Exercise details.
For every record that follows, transcribe the text exactly and leave any image out.

Study material.
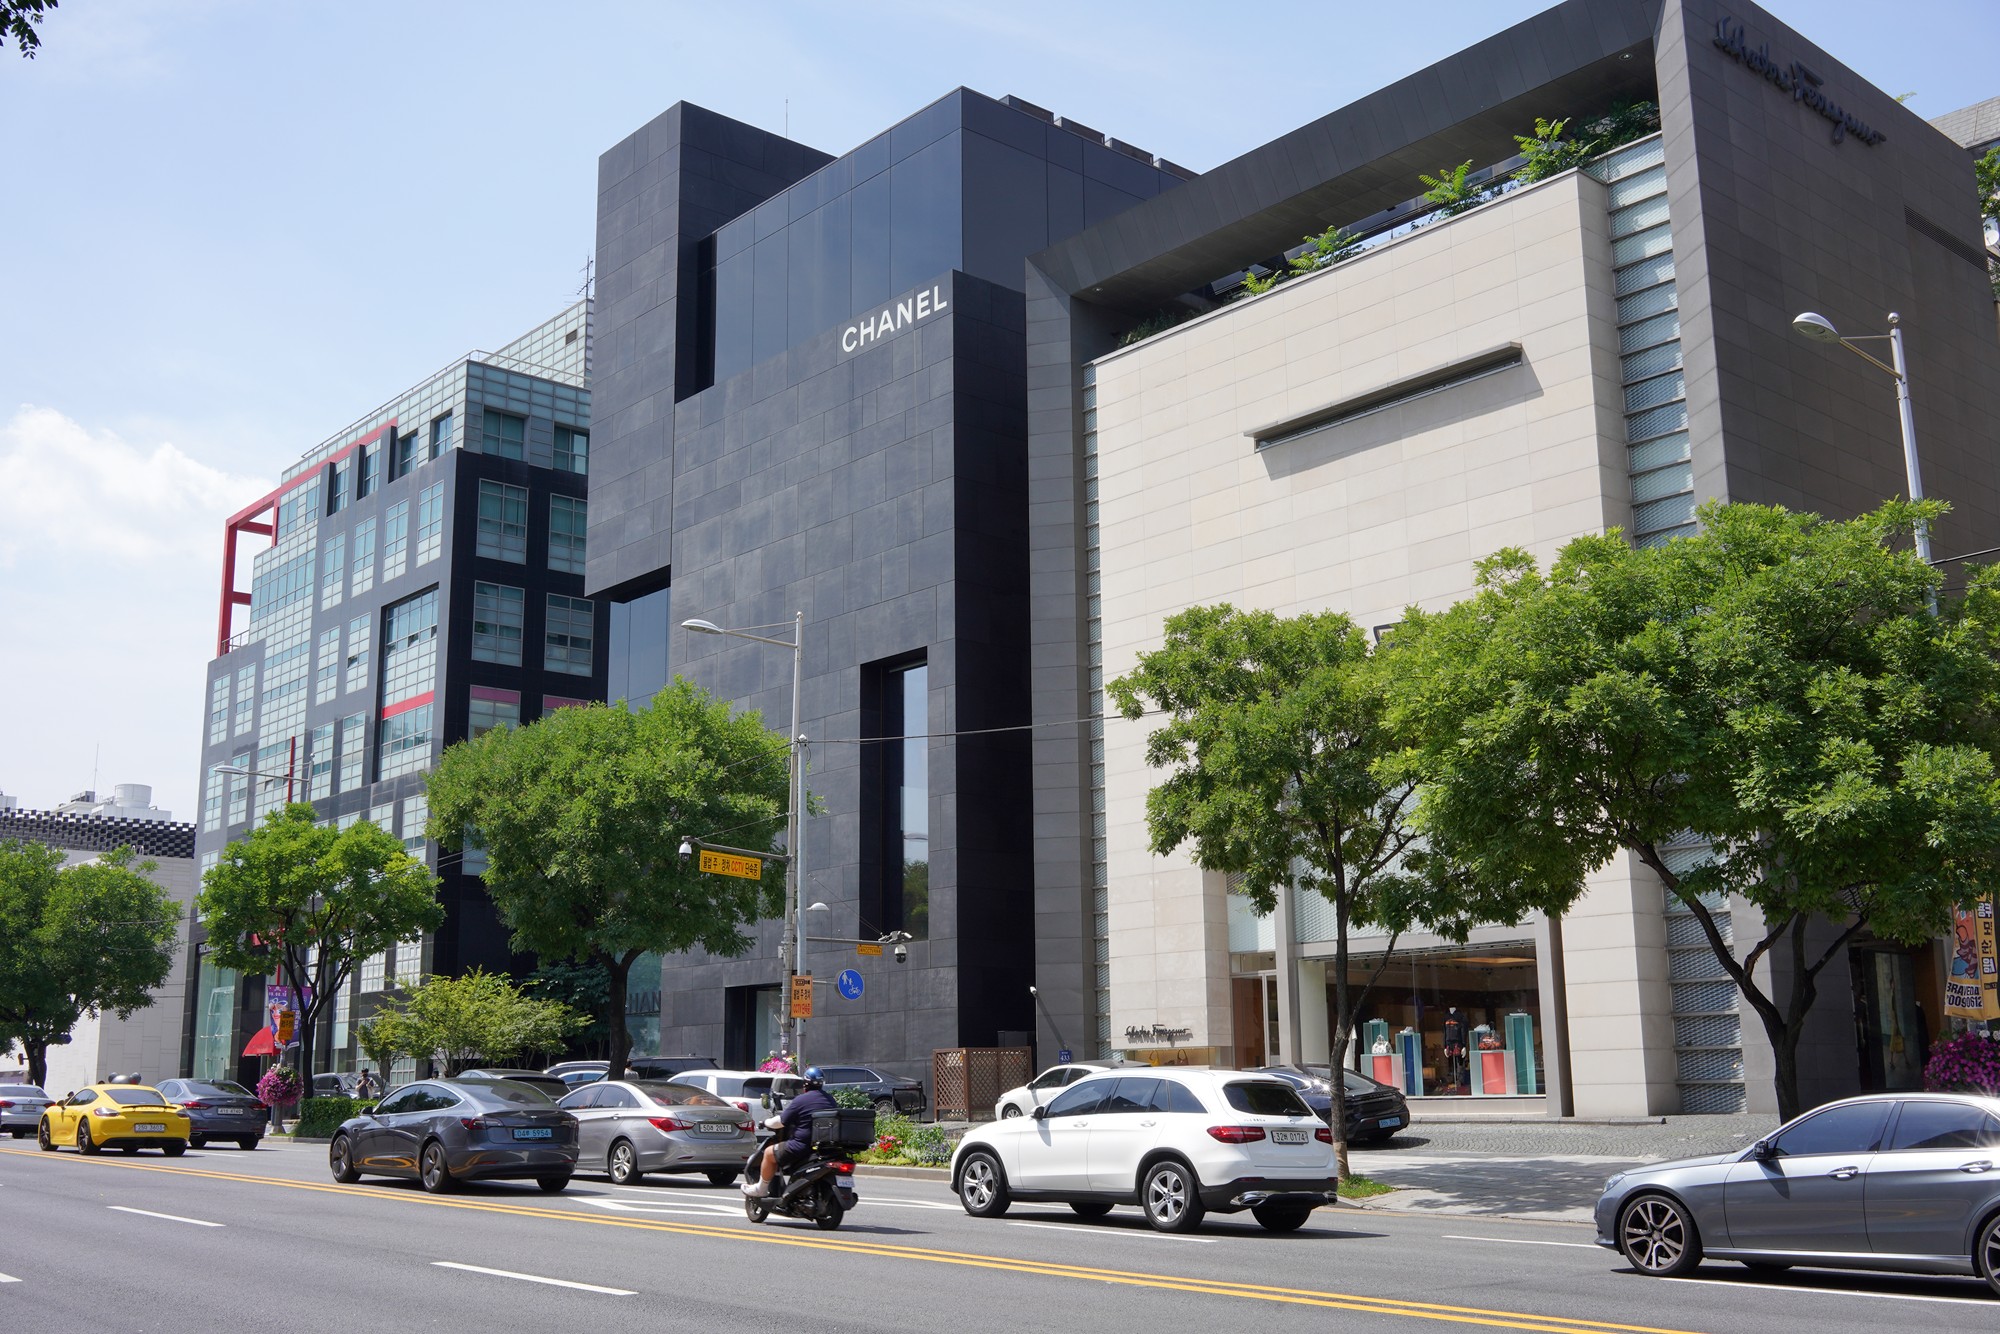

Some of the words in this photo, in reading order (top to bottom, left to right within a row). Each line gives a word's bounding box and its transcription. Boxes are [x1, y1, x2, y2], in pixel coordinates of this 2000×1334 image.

[842, 285, 948, 353] CHANEL
[703, 856, 713, 870] 불법
[731, 861, 745, 873] CCTV
[745, 862, 758, 877] 단속중
[1289, 1133, 1305, 1141] 0174
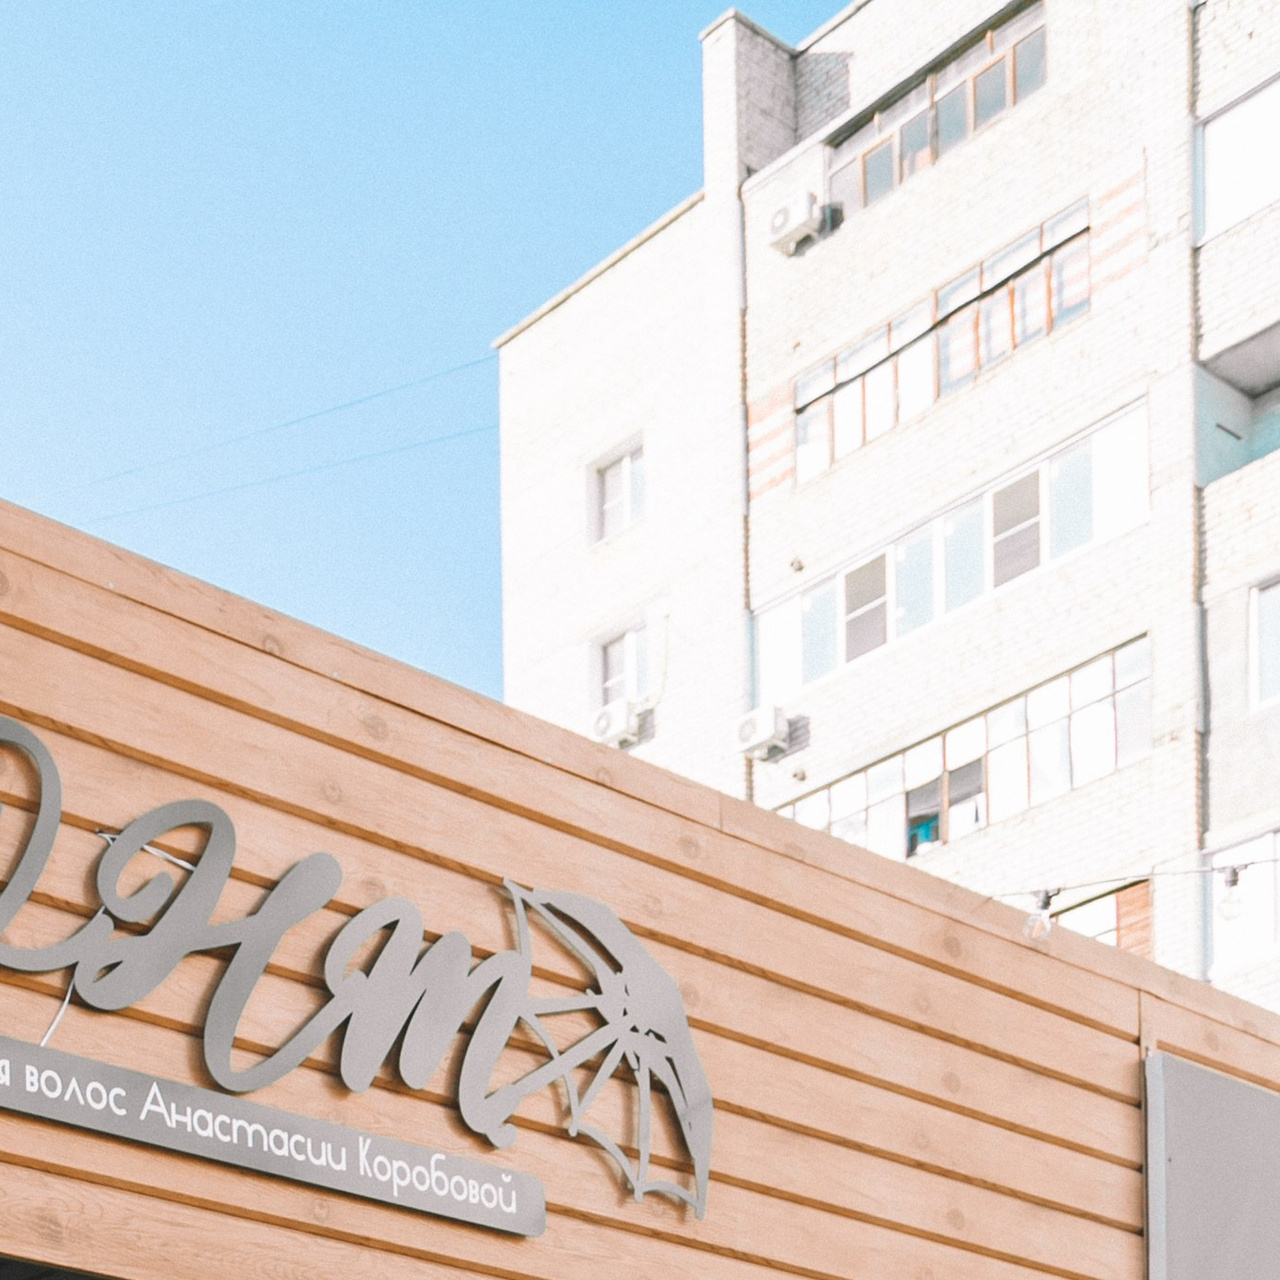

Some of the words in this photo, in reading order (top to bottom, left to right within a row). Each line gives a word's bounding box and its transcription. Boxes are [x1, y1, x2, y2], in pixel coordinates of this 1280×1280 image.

Result below.
Some of the words in this photo, in reading order (top to bottom, left to right within a row). Each line gives a word's bounding box and its transcription. Boxes are [x1, y1, x2, y2], in pixel coordinates of this 2000×1334 image.

[842, 285, 948, 353] CHANEL
[703, 856, 713, 870] 불법
[731, 861, 745, 873] CCTV
[745, 862, 758, 877] 단속중
[1289, 1133, 1305, 1141] 0174

Some of the words in this photo, in reading order (top to bottom, left to right within a row). Each line gives a word's bounding box and its transcription. Boxes are [x1, y1, x2, y2], in pixel coordinates of this 1280×1280 image.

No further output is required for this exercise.